■ The problem:
The expected output is each entry, given again exactly.

── Entries supplied

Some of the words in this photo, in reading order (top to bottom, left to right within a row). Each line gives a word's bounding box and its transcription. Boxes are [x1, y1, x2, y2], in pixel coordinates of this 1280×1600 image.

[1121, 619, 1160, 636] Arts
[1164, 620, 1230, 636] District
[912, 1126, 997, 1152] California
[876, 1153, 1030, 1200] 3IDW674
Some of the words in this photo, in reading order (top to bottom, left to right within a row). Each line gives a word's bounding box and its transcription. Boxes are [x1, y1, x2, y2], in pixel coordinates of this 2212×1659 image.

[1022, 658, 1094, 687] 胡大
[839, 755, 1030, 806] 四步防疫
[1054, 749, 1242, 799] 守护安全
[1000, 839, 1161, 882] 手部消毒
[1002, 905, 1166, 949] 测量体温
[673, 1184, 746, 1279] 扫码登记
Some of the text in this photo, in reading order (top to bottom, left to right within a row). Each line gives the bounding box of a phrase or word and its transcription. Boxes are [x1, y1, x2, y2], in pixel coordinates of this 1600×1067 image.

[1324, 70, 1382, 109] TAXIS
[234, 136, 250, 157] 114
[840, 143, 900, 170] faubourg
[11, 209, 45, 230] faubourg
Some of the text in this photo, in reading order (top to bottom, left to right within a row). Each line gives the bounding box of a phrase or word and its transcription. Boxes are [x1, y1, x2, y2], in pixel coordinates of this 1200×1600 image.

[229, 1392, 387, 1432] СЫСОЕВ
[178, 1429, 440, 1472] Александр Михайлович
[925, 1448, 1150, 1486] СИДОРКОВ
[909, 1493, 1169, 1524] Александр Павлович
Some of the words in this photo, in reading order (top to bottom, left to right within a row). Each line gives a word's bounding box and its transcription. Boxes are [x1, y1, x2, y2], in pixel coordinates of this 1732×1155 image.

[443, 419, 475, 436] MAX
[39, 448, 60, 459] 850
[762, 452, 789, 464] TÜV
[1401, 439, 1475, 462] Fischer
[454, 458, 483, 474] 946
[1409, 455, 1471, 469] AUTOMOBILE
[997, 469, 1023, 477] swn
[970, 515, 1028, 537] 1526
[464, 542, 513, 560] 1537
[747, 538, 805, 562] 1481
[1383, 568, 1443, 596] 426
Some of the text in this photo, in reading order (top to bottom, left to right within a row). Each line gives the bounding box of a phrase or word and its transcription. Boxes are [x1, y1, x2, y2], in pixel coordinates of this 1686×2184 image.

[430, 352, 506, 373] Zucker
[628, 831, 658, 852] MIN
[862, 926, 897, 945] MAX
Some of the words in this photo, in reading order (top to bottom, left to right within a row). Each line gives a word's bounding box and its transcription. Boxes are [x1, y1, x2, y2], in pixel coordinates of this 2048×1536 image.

────

■ Response to the task:
Some of the words in this photo, in reading order (top to bottom, left to right within a row). Each line gives a word's bounding box and its transcription. Boxes are [x1, y1, x2, y2], in pixel coordinates of this 1280×1600 image.

[1121, 619, 1160, 636] Arts
[1164, 620, 1230, 636] District
[912, 1126, 997, 1152] California
[876, 1153, 1030, 1200] 3IDW674
Some of the words in this photo, in reading order (top to bottom, left to right within a row). Each line gives a word's bounding box and its transcription. Boxes are [x1, y1, x2, y2], in pixel coordinates of this 2212×1659 image.

[1022, 658, 1094, 687] 胡大
[839, 755, 1030, 806] 四步防疫
[1054, 749, 1242, 799] 守护安全
[1000, 839, 1161, 882] 手部消毒
[1002, 905, 1166, 949] 测量体温
[673, 1184, 746, 1279] 扫码登记
Some of the text in this photo, in reading order (top to bottom, left to right within a row). Each line gives the bounding box of a phrase or word and its transcription. Boxes are [x1, y1, x2, y2], in pixel coordinates of this 1600×1067 image.

[1324, 70, 1382, 109] TAXIS
[234, 136, 250, 157] 114
[840, 143, 900, 170] faubourg
[11, 209, 45, 230] faubourg
Some of the text in this photo, in reading order (top to bottom, left to right within a row). Each line gives the bounding box of a phrase or word and its transcription. Boxes are [x1, y1, x2, y2], in pixel coordinates of this 1200×1600 image.

[229, 1392, 387, 1432] СЫСОЕВ
[178, 1429, 440, 1472] Александр Михайлович
[925, 1448, 1150, 1486] СИДОРКОВ
[909, 1493, 1169, 1524] Александр Павлович
Some of the words in this photo, in reading order (top to bottom, left to right within a row). Each line gives a word's bounding box and its transcription. Boxes are [x1, y1, x2, y2], in pixel coordinates of this 1732×1155 image.

[443, 419, 475, 436] MAX
[39, 448, 60, 459] 850
[762, 452, 789, 464] TÜV
[1401, 439, 1475, 462] Fischer
[454, 458, 483, 474] 946
[1409, 455, 1471, 469] AUTOMOBILE
[997, 469, 1023, 477] swn
[970, 515, 1028, 537] 1526
[464, 542, 513, 560] 1537
[747, 538, 805, 562] 1481
[1383, 568, 1443, 596] 426
Some of the text in this photo, in reading order (top to bottom, left to right within a row). Each line gives the bounding box of a phrase or word and its transcription. Boxes are [x1, y1, x2, y2], in pixel coordinates of this 1686×2184 image.

[430, 352, 506, 373] Zucker
[628, 831, 658, 852] MIN
[862, 926, 897, 945] MAX
Some of the words in this photo, in reading order (top to bottom, left to right within a row). Each line gives a word's bounding box and its transcription. Boxes are [x1, y1, x2, y2], in pixel coordinates of this 2048×1536 image.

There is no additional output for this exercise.